“Gendered “Illegal” Migration from Morocco to Spain: Transnational Literature’s Representation of Female Clandestinity in the Age of Globalization”

Author Name

Jyhene Kebsi

Author Address

The University of Sydney, Department: English, Email: [email protected]


illegal immigration, female migrants, globalization, left behinds


My paper will illuminate the plights of the women who live on the southern shore of the Mediterranean under theantagonistic forces of globalization according to which the free movement of capital between both Europe and North Africa is matched by a criminalization of immigrants from the southern bank. My analysis of the discrepancy between the borderless economics and the bordered movement of people will explore the representation of female illegal immigration in transnational literature, mainly Laila Lalami's Hope and Other Dangerous Pursuits, which describes paperless immigration from Morocco to Spain. My study of the "crimmigration" of immigrants that occurs in the oceanic space painted in the novel will accentuate the unbridged chasm between North Africa and Southern European countries, highlighting that Third Worldness and femaleness constrain Moroccan women to the territorial map in which they were born even when they suffer from destitution and sexism.

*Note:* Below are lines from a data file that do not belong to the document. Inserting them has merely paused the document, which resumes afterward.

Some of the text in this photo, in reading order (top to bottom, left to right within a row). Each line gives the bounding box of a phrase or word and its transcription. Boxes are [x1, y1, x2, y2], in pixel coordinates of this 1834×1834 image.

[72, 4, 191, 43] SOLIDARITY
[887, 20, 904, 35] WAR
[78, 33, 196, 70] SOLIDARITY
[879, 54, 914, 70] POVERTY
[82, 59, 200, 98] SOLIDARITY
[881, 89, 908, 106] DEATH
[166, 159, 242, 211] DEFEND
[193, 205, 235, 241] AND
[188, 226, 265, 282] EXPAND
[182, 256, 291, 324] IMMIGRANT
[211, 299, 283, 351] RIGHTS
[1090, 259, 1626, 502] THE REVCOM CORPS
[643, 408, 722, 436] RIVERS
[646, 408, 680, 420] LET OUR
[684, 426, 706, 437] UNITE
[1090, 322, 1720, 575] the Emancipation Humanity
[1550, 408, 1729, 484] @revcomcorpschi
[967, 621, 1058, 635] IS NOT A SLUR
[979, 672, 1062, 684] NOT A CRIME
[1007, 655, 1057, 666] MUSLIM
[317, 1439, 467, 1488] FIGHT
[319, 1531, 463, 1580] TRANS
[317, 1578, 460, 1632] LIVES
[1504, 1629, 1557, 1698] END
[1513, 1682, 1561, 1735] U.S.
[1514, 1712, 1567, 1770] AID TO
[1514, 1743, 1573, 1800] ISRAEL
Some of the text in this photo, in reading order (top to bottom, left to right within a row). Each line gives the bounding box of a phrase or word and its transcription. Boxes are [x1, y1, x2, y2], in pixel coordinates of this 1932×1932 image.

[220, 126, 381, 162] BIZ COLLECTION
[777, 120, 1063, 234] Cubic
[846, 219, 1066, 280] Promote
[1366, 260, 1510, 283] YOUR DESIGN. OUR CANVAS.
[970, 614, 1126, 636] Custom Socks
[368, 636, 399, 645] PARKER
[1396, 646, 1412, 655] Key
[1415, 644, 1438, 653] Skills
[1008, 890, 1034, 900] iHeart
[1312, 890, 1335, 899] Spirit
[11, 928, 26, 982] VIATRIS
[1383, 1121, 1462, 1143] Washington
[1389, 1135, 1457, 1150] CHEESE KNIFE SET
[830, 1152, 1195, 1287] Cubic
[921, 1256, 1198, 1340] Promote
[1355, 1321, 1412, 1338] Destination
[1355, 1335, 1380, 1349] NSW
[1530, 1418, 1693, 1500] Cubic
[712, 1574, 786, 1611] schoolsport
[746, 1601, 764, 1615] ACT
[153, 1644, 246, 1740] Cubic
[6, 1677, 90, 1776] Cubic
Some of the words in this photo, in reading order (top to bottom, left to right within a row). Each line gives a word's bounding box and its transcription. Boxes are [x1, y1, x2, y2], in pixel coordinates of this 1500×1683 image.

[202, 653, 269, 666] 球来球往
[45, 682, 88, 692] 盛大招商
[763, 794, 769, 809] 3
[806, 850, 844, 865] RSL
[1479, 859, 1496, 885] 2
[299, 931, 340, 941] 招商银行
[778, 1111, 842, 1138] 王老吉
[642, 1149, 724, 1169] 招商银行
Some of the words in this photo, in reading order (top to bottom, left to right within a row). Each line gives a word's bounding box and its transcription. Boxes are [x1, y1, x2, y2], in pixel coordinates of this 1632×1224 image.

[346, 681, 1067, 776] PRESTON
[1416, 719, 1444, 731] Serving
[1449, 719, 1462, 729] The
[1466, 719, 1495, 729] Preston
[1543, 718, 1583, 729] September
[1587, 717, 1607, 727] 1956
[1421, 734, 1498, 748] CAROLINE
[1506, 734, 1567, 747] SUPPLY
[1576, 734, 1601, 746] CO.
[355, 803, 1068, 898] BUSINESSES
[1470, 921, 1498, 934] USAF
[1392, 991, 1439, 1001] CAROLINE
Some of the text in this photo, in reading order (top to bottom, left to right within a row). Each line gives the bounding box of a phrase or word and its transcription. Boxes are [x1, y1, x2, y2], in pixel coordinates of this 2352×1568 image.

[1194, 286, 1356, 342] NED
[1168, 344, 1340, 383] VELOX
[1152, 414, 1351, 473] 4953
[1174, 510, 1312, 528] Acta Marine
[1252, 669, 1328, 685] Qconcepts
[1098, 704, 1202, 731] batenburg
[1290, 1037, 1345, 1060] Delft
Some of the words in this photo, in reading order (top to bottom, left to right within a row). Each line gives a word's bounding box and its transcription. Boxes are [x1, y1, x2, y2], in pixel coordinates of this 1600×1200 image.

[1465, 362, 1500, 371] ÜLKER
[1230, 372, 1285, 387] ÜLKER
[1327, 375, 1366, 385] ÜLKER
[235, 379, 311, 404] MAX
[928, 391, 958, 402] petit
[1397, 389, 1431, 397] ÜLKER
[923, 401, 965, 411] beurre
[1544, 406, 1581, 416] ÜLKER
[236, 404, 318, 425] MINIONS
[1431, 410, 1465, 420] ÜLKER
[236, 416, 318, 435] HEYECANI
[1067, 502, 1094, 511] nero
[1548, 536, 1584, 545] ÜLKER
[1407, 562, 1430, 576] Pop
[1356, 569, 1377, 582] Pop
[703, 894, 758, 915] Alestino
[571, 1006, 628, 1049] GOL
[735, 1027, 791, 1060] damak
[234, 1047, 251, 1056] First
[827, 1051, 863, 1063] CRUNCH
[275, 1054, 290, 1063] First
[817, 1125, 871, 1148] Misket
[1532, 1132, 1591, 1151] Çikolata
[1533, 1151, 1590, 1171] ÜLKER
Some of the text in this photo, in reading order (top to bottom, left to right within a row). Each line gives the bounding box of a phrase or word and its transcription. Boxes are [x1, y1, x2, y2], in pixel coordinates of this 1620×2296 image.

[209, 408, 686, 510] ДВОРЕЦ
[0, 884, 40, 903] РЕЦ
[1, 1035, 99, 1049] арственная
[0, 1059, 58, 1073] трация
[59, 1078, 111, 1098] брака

As such, this essay will probe the intersection of gender and political economy in the lives of both the illegal female border-crossers and the migrants’ wives who are left in the countries of origin. It will investigate their struggle with patriarchy and immigration restrictions. I will read female clandestine immigration as an attempt to construct defiant identities that resist the glocal masculine and geopolitical dictates. The second part of the essay will probe the junction of gender and economics in the lives of the women left behind. My investigation of the hardships endured by these wives and of their desire to live with their partners will divulge that immigration torments those women who stay in the homeland as much as it afflicts the spouses who sneak to “Hopeland” (Obi 115). My main argument will be that Moroccan women have to strive against both the contradictions induced by globalization and the subordination generated by male domination.